PROBLEM TO SOLVE: In the copy, include every entry exactly but none of the images.

GIVEN DATA:
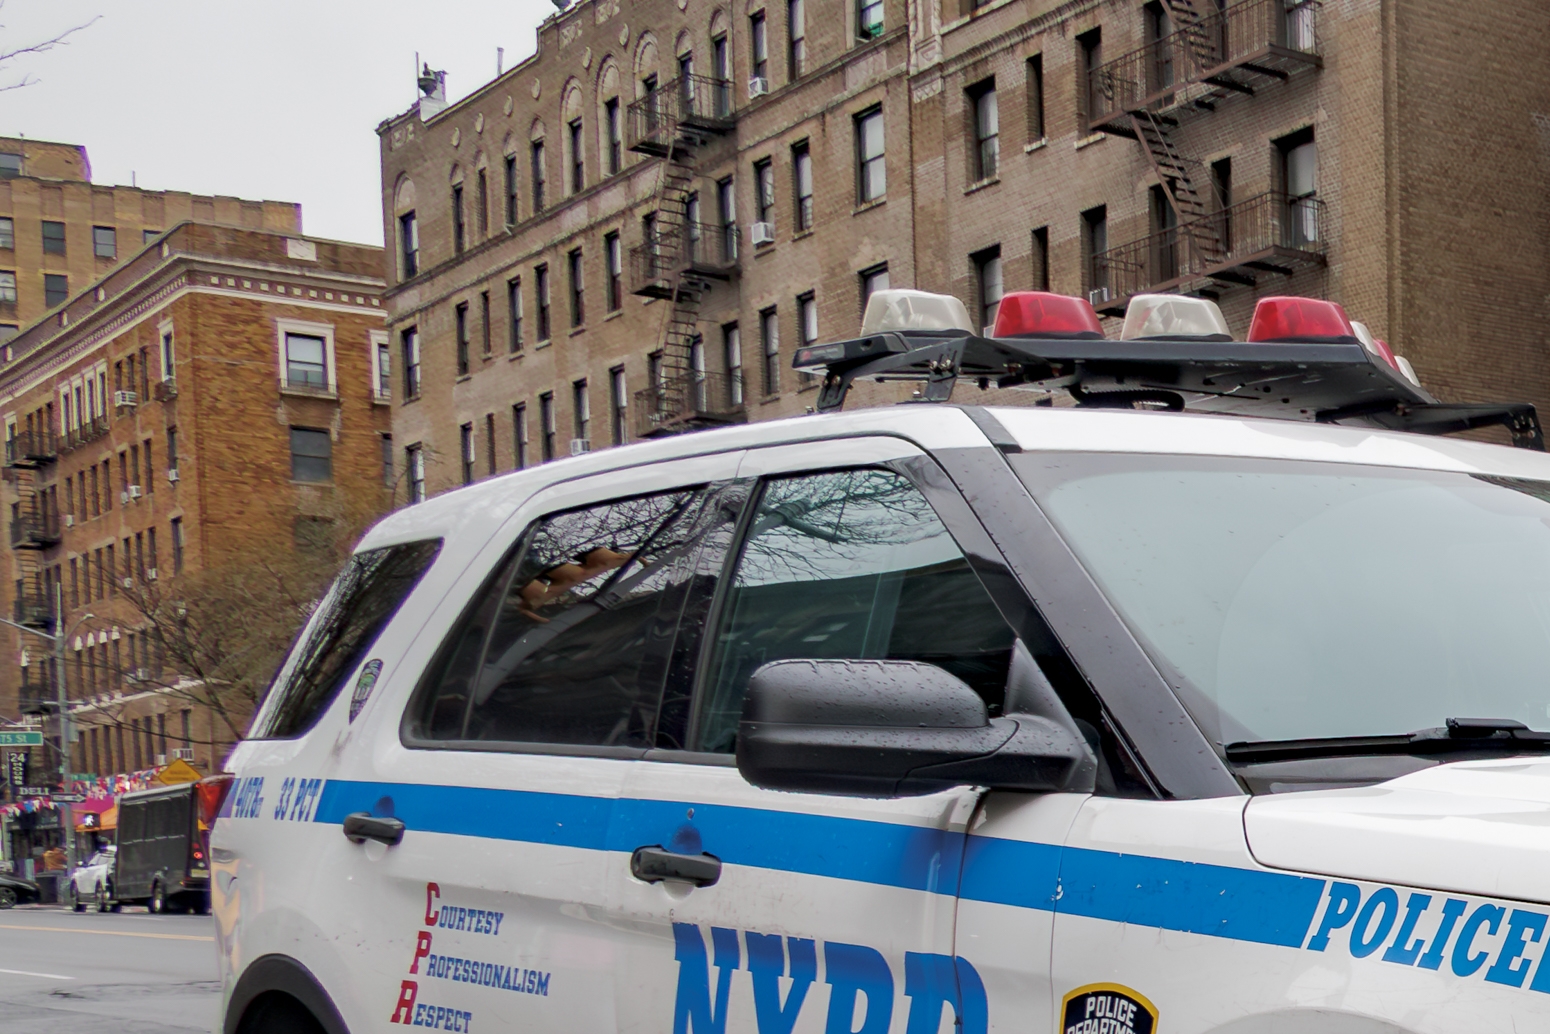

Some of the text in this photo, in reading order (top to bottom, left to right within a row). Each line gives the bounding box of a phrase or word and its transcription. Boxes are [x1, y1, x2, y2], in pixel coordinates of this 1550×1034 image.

[10, 752, 25, 763] 24
[19, 787, 50, 796] DELI
[274, 777, 295, 820] 33
[289, 778, 322, 822] PCT
[425, 881, 504, 936] COURTESY
[1306, 881, 1549, 989] POLICE
[409, 930, 551, 997] PROFESSIONALISM
[389, 980, 472, 1034] RESPECT
[1085, 996, 1137, 1028] POLICE
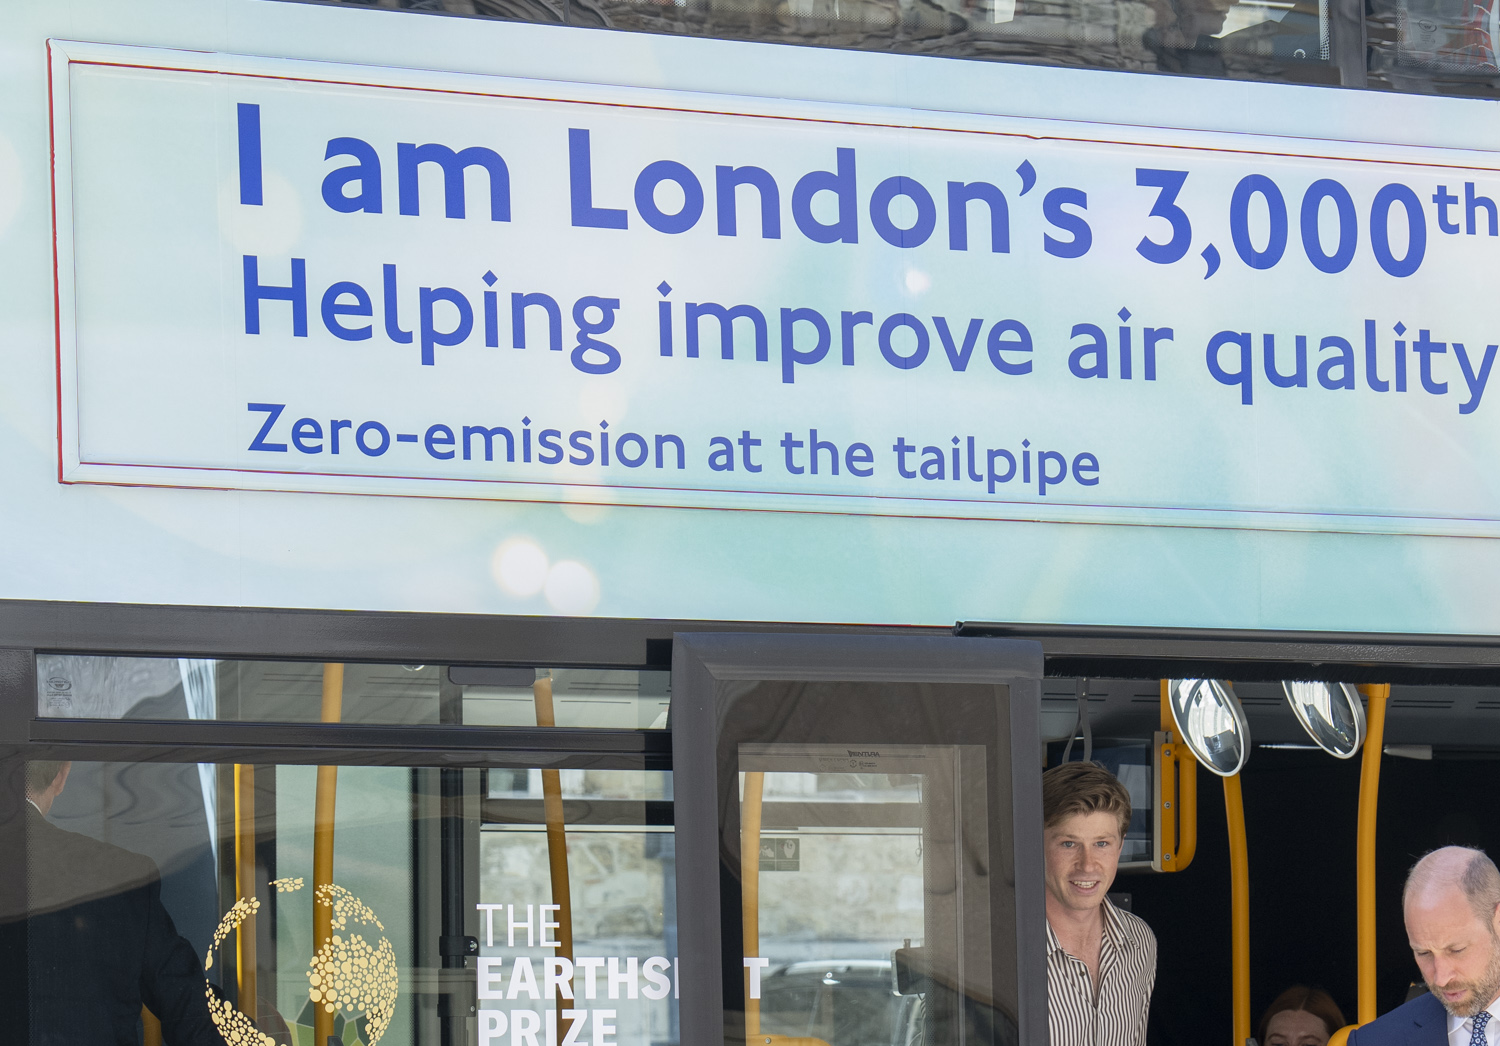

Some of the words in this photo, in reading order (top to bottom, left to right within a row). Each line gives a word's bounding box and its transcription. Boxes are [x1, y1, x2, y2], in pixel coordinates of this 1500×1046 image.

[236, 102, 264, 207] I
[321, 136, 512, 223] am
[569, 128, 1093, 260] London's
[242, 254, 622, 375] Helping
[656, 281, 1033, 384] improve
[1068, 307, 1174, 382] air
[1206, 319, 1499, 415] quality
[248, 402, 685, 470] Zero-emission
[707, 429, 763, 475] at
[779, 428, 875, 479] the
[892, 436, 1101, 497] tailpipe
[476, 903, 562, 948] THE
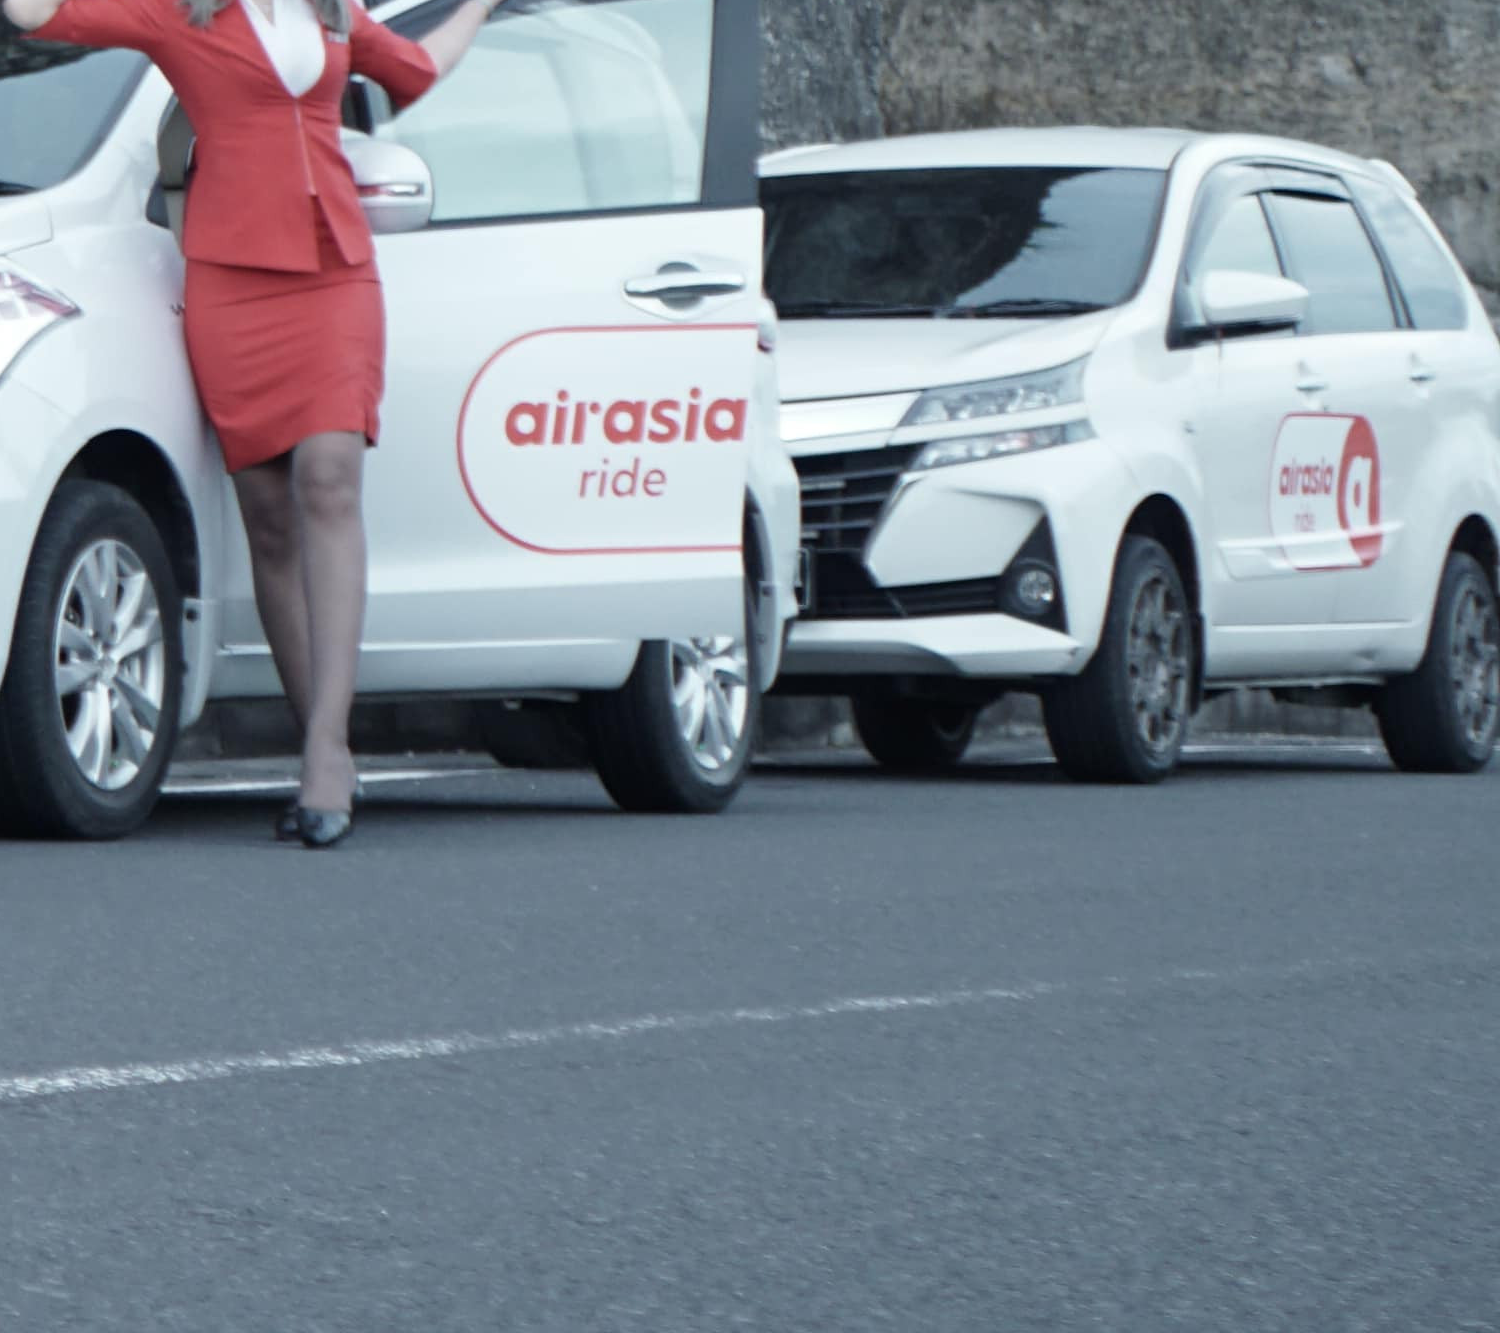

WRITTEN SOLUTION:
Some of the text in this photo, in reading order (top to bottom, left to right within a row). Each line gives the bounding box of a phrase or word and its transcription. Boxes are [x1, y1, x2, y2], in pixel coordinates of this 1550×1034 image.

[10, 752, 25, 763] 24
[19, 787, 50, 796] DELI
[274, 777, 295, 820] 33
[289, 778, 322, 822] PCT
[425, 881, 504, 936] COURTESY
[1306, 881, 1549, 989] POLICE
[409, 930, 551, 997] PROFESSIONALISM
[389, 980, 472, 1034] RESPECT
[1085, 996, 1137, 1028] POLICE

Some of the words in this photo, in reading order (top to bottom, left to right within a row). Each line gives a word's bounding box and its transcription. Boxes are [x1, y1, x2, y2], in pixel coordinates of this 1500×1046 image.

[236, 102, 264, 207] I
[321, 136, 512, 223] am
[569, 128, 1093, 260] London's
[242, 254, 622, 375] Helping
[656, 281, 1033, 384] improve
[1068, 307, 1174, 382] air
[1206, 319, 1499, 415] quality
[248, 402, 685, 470] Zero-emission
[707, 429, 763, 475] at
[779, 428, 875, 479] the
[892, 436, 1101, 497] tailpipe
[476, 903, 562, 948] THE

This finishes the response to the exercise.